Netanyahu Ngamuk, Ancam Serang Fasilitas Nuklir dan Minyak Teheran
TEL AVIV, REQNews – Perdana Menteri Israel, Benjamin Netanyahu memperingatkan Iran untuk bersiap menghadapi pembalasan langsung yang menargetkan fasilitas nuklir atau minyaknya menyusul serangan rudal skala besar Teheran.
Ancaman ini dilontarkan Benjamin Netanyahu setelah ratusan rudal balistik Iran menghujani wilayah Israel, hingga sirine di penjuru wilayah meraung keras, Rabu 2 Oktober 2024.
“Iran telah membuat kesalahan besar malam ini, dan akan membayarnya," ungkap Netanyahu, mengutip Wall Street Journal.

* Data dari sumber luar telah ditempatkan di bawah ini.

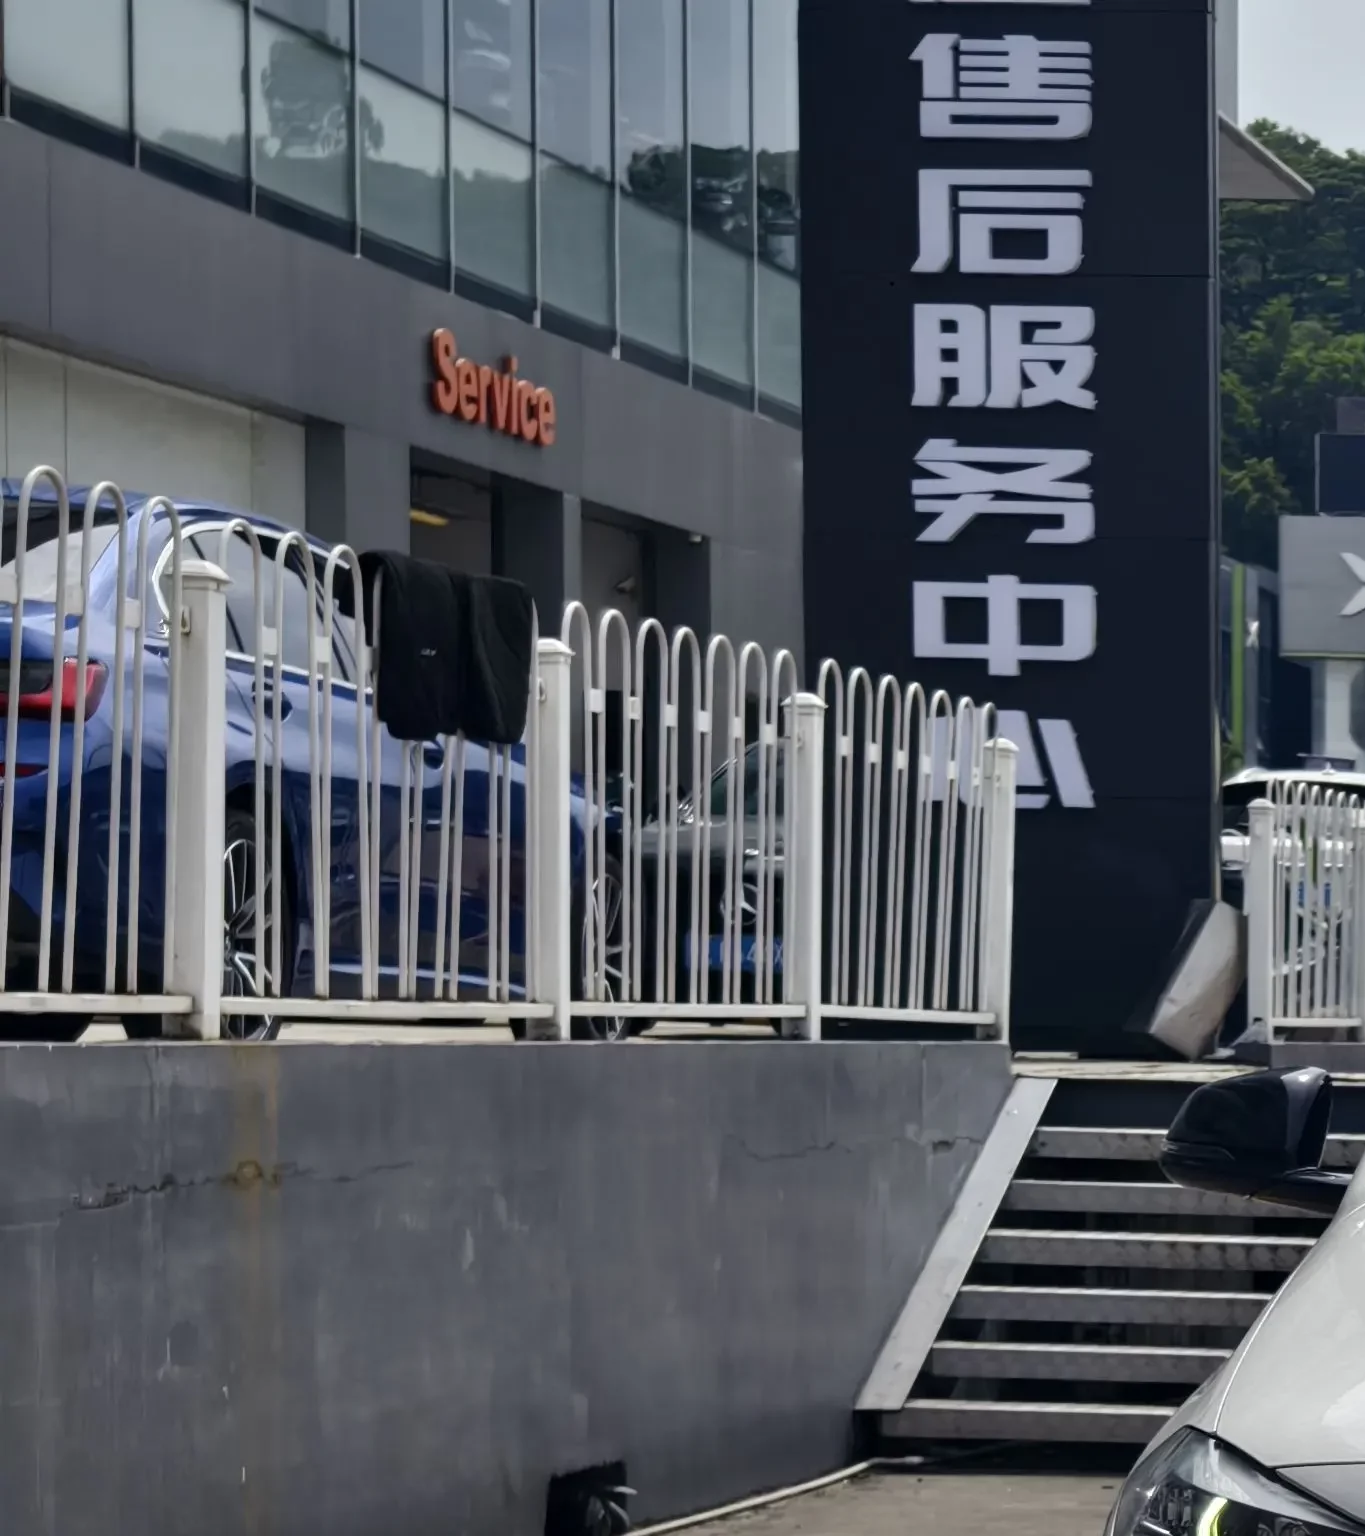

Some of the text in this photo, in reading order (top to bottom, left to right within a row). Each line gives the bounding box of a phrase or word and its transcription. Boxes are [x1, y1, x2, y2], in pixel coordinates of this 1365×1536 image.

[433, 327, 556, 445] Service
[909, 0, 1097, 808] 售后服务中心
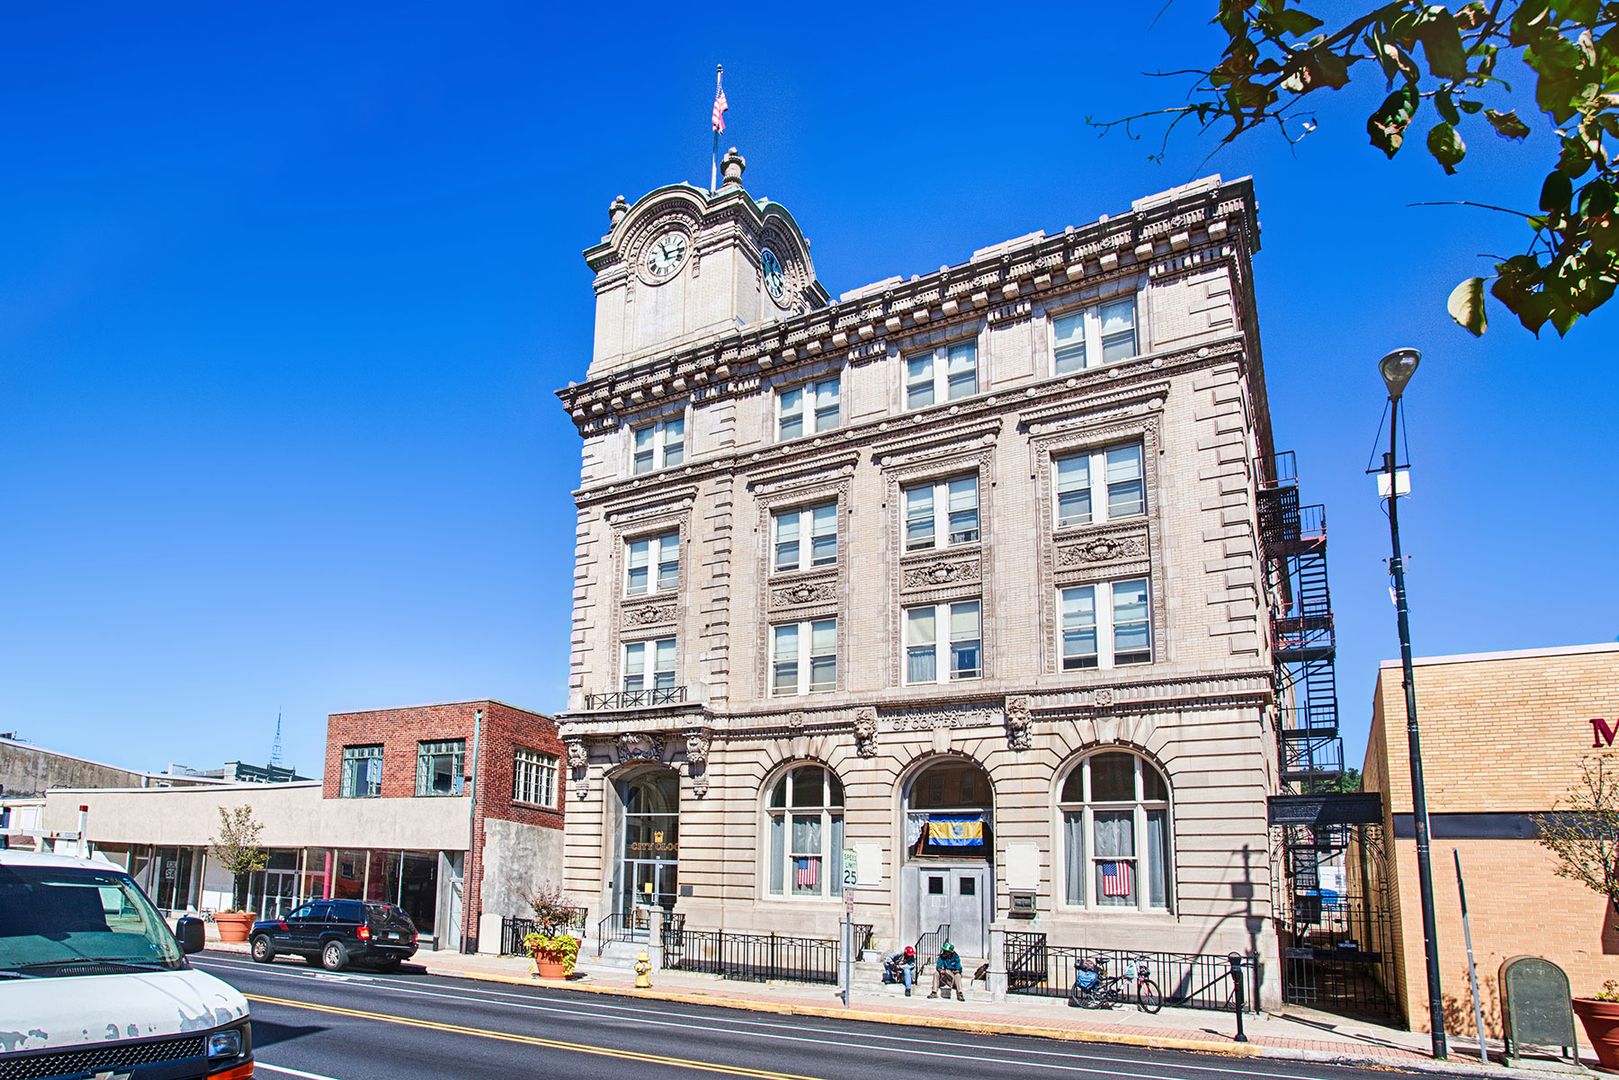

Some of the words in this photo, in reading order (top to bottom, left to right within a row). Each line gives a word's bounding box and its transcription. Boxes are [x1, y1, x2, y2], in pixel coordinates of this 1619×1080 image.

[904, 706, 966, 720] NATIONAL
[892, 720, 908, 731] OF
[911, 714, 991, 730] COATESVILLE
[630, 842, 655, 851] CITY
[844, 869, 857, 885] 25

"Siapa pun yang menyerang kami, kami akan menyerangnya," ujarnya.
Sebelumnya, Iran dilaporkan meluncurkan serangan roket jenis balistik ke Tel Aviv, Israel.

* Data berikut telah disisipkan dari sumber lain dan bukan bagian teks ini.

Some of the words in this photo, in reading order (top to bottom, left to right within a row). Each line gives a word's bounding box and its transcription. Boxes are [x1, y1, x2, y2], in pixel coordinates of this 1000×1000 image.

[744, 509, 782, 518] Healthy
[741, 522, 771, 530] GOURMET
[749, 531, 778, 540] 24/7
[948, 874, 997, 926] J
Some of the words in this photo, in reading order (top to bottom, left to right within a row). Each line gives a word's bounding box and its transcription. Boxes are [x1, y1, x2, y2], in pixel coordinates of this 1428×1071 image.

Dalam serangan tersebut setidaknya Iran meluncurkan sekitar 180 rudal ke Israel secara bertubi-tubi. Tembakan rudal ini jadi serangan langsung yang belum pernah terjadi sebelumnya terhadap Israel sejak bulan April.
Meski sebagian serangan Iran berhasil dihalau iron dome, sistem keamanan udara Israel. Namun, banyaknya serangan yang diluncurkan membuat sistem iron dome kewalahan sehingga beberapa roket berhasil mencapai jalanan.
Memicu kepanikan hingga militer setempat mendesak penduduk Israel wilayah selatan dan tengah untuk segera memasuki ruang perlindungan sampai instruksi lebih lanjut diberikan.
berjanji akan membantu Israel melakukan serangan balasan kepada Iran.
“Akan ada konsekuensi berat bagi Iran setelah serangan rudalnya terhadap Israel. AS akan bekerja sama dengan Israel untuk membalas Iran,” kata Penasihat Keamanan Nasional AS, Jake Sullivan, dikutip dari Times of Israel.
Redaktur : Desi
Berita Terkait
Tidak ada berita terkait.
Berita Rekomendasi
Tidak ada berita rekomendasi.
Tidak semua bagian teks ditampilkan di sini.